The greatest costs, of course, have been borne by Gaza’s civilians, who make up the vast majority of the more than 1600 lives lost by the time of the ceasefire announced and quickly broken on 1 August. The war has wiped out entire families, devastated neighbourhoods, destroyed homes, cut off all electricity and greatly limited access to water. It will take years for Gaza to recover, if indeed it ever does.
And it seems unlikely that Hamas will be ready for another fight anytime soon. So it has every incentive to try to achieve its core objectives now, especially an end to Gaza’s closure. Mediators are aiming to help the people of Gaza without appearing to hand Hamas a victory and Israel a defeat. At stake for Israel and Egypt is what a purported Hamas victory says about the future of the Muslim Brotherhood in the region. At stake for the Muslim Brotherhood’s allies, Qatar and Turkey, is the meaning of a defeat. The perceived symbolism of the conflict has helped prolong it.

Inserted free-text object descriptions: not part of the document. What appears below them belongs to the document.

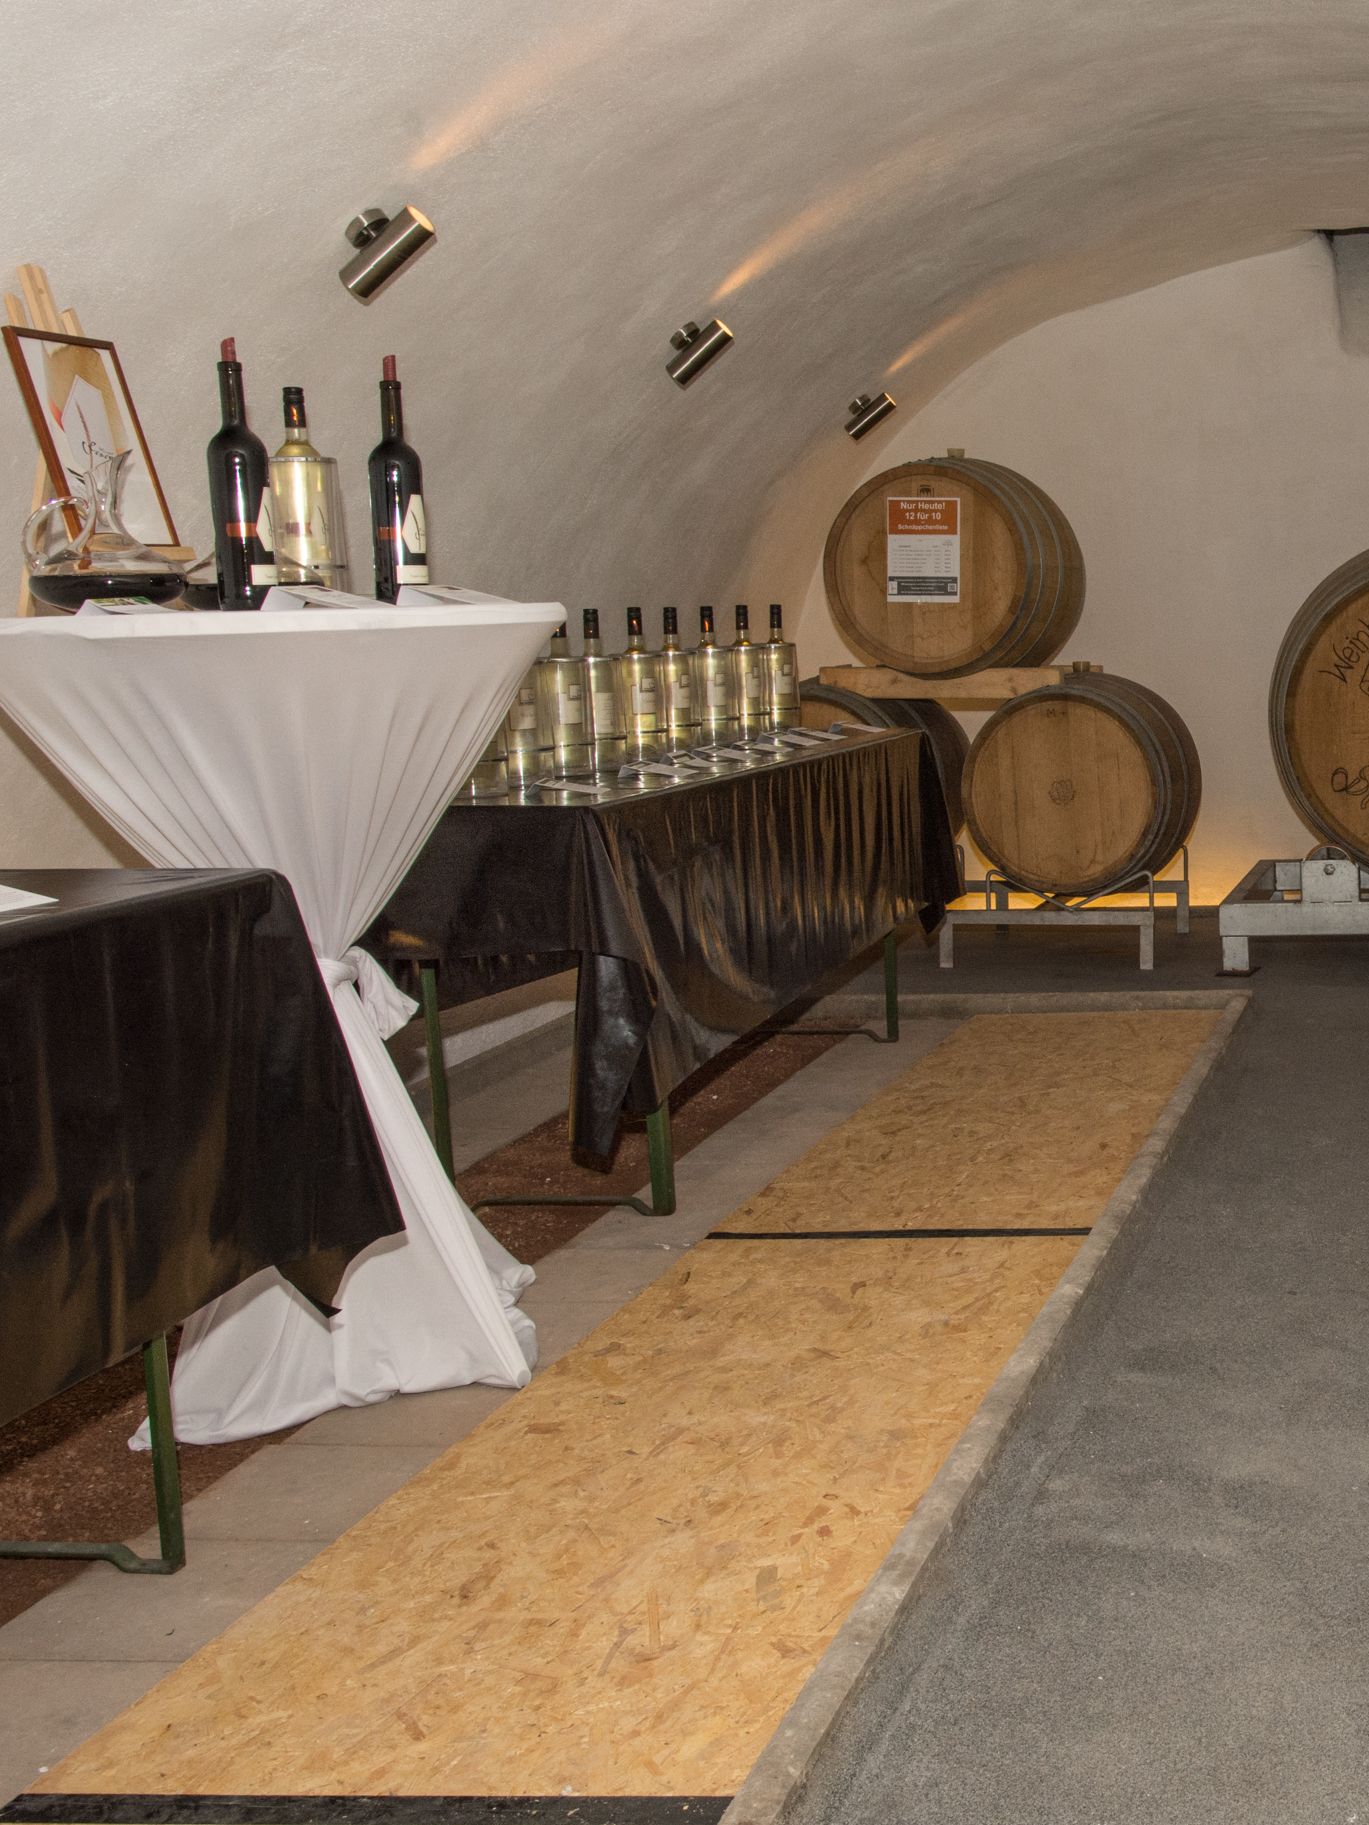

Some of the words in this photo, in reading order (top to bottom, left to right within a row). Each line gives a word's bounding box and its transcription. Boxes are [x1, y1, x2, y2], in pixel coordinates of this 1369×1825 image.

[900, 502, 916, 510] Nur
[918, 502, 945, 510] Heute!
[905, 512, 915, 520] 12
[916, 511, 929, 520] für
[931, 512, 941, 520] 10

The obvious solution is to let the new Palestinian government return to Gaza and reconstruct it. Israel can claim it is weakening Hamas by strengthening its enemies. Hamas can claim it won the recognition of the new government and a significant lifting of the blockade. This solution would of course have been available to Israel, the US, Egypt and the PA in the weeks and months before the war began, before so many lives were shattered.